Microglial MARCO facilitates Varicella zoster virus uptake and triggers TLR2-mediated neuroinflammation.
Lim Ji-Soo JS, Oh Soo-Jin SJ, Hur Ji-Yeun JY, Oh Subin S et al.
Varicella zoster virus (VZV) is a human neurotropic virus that can establish latency in sensory neurons. Microglia play a complex role during neurotropic virus infections; however, their role during VZV infection remains to be determined. In the present study, we explored the role of VZV-induced alterations in the morphodynamics and function of microglia in triggering neuroinflammation. We prepared cell-free VZV and compared replication efficiencies of wild-type (YC01) and attenuated (MAV/06, MAV) VZV in two transformed human microglial cell lines (HMC3 and HIM) and human embryonic stem cell (ESC)-derived microglia (ESC-MG). Bulk RNA sequencing was used to assess molecular signatures of microglia following VZV infection in ESC-MG, and cytokine profiles were determined to further investigate neuroinflammation. To further examine the impact of VZV-induced microglial inflammation on neuronal responses, we generated ESC-derived sensory neurons (ESC-SN) and evaluated nociceptor expression and calcium flux as a readout for SN activities following microglial secretome treatment.

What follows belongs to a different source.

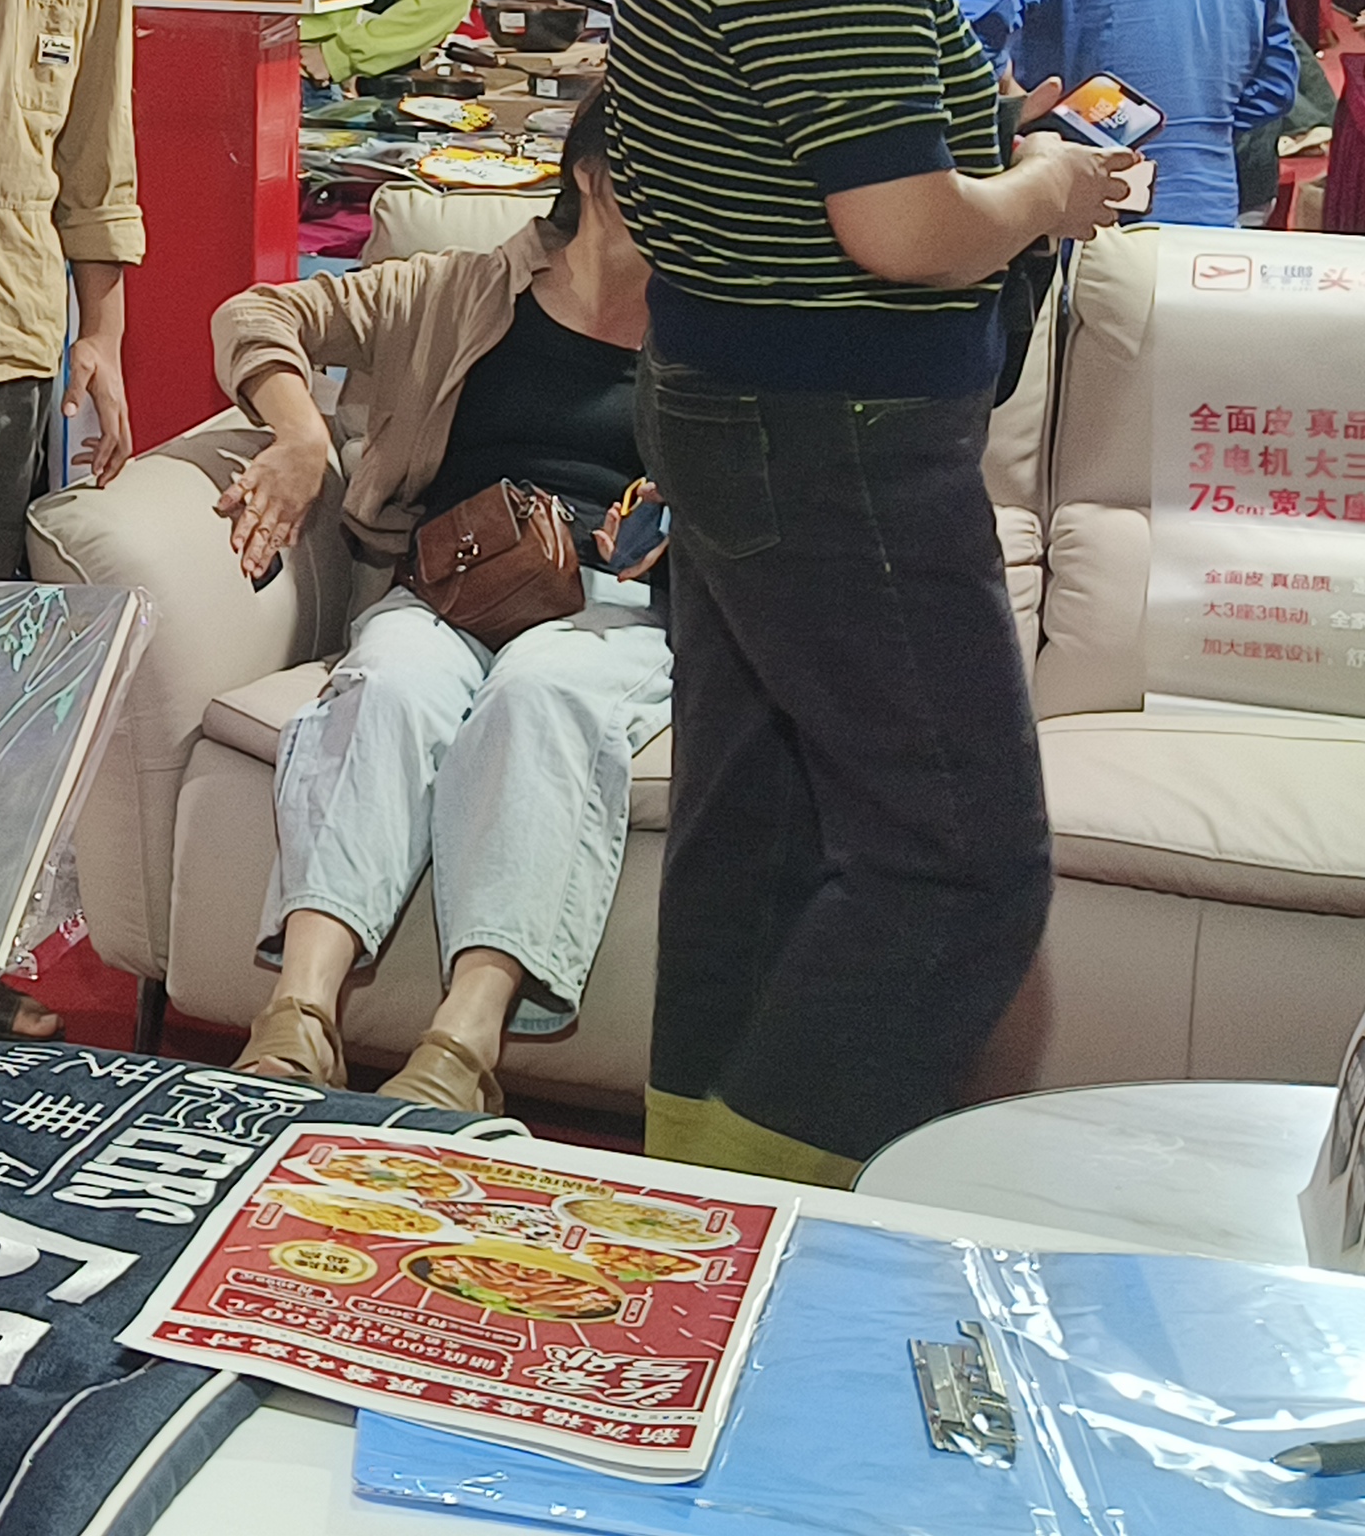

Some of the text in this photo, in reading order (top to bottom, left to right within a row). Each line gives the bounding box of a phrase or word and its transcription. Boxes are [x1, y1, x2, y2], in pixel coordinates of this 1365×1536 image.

VZV upregulates its gene and protein expression and triggered morphological changes in various microglia cultures. Transcriptomic analysis of YC01-infected ESC-MG revealed a robust induction of genes associated with antiviral innate immunity, alongside a pronounced upregulation of macrophage receptor with collagenous structure (MARCO). Functional studies demonstrated that MARCO facilitates VZV uptake in microglia by binding to the viral glycoprotein E (gE) via its C-terminal scavenger receptor cysteine-rich (SRCR) domain, thereby promoting viral entry and phagocytosis. Moreover, VZV infection elicited neuroinflammation in an ORF62-dependent manner, while MARCO activation triggered toll-like receptor 2 (TLR2)-mediated inflammatory signaling. This cascade further amplified the expression of pain-associated molecular mediators in an ESC-SN model, highlighting a potential mechanistic link between microglial MARCO and VZV-triggered neuropathic processes. Our results show, for the first time, that microglia are susceptible to VZV infection and identify MARCO as an important mediator for regulating TLR2-mediated neuroinflammation and promoting an upregulation of factors associated with neuropathic pain.